- Opening Delimiter -
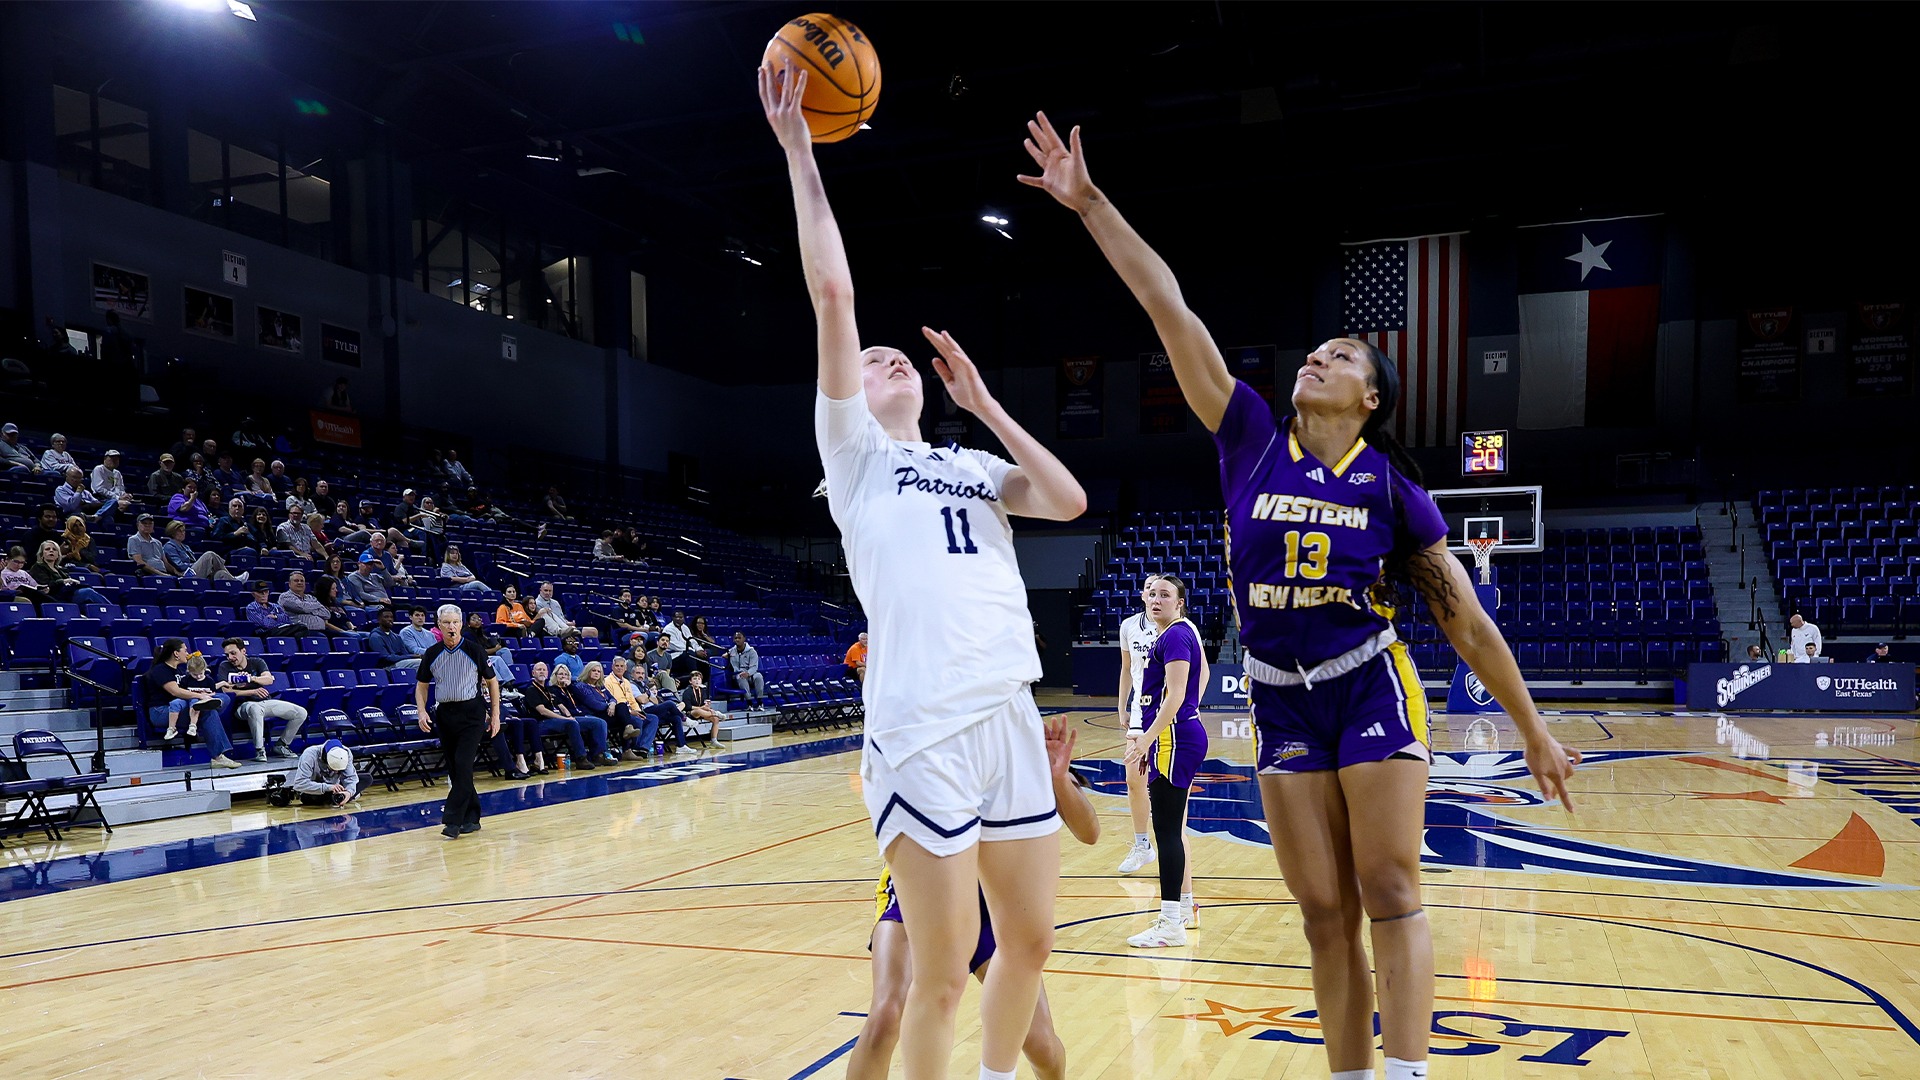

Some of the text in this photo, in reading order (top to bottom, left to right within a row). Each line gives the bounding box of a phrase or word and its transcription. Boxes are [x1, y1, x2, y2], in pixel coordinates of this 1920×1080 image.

[224, 253, 246, 266] SECTION
[233, 267, 239, 282] 4
[1861, 335, 1903, 343] WOMEN'S
[334, 340, 359, 354] TYLER
[507, 346, 512, 357] 5
[1818, 340, 1824, 351] 8
[1852, 342, 1908, 351] BASKETBALL
[1741, 358, 1796, 367] CHAMPIONS
[1855, 355, 1893, 364] SWEET
[1493, 361, 1499, 371] 7
[1474, 435, 1502, 449] 2:28
[1472, 449, 1498, 471] 20
[894, 466, 998, 502] Patriots
[1348, 473, 1372, 485] LSC
[1251, 492, 1369, 531] WESTERN
[940, 506, 978, 554] 11
[1284, 530, 1331, 580] 13
[1248, 582, 1361, 610] NEW MEXIC
[1833, 678, 1898, 690] UTHealth
[1835, 690, 1851, 700] East
[21, 735, 56, 744] PATRIOTS
- Closing Delimiter -
Without the pictures, write out the whole listing above exactly as it appears.

Some of the text in this photo, in reading order (top to bottom, left to right within a row). Each line gives the bounding box of a phrase or word and its transcription. Boxes are [x1, y1, x2, y2], in pixel coordinates of this 1920×1080 image.

[224, 253, 246, 266] SECTION
[233, 267, 239, 282] 4
[1861, 335, 1903, 343] WOMEN'S
[334, 340, 359, 354] TYLER
[507, 346, 512, 357] 5
[1818, 340, 1824, 351] 8
[1852, 342, 1908, 351] BASKETBALL
[1741, 358, 1796, 367] CHAMPIONS
[1855, 355, 1893, 364] SWEET
[1493, 361, 1499, 371] 7
[1474, 435, 1502, 449] 2:28
[1472, 449, 1498, 471] 20
[894, 466, 998, 502] Patriots
[1348, 473, 1372, 485] LSC
[1251, 492, 1369, 531] WESTERN
[940, 506, 978, 554] 11
[1284, 530, 1331, 580] 13
[1248, 582, 1361, 610] NEW MEXIC
[1833, 678, 1898, 690] UTHealth
[1835, 690, 1851, 700] East
[21, 735, 56, 744] PATRIOTS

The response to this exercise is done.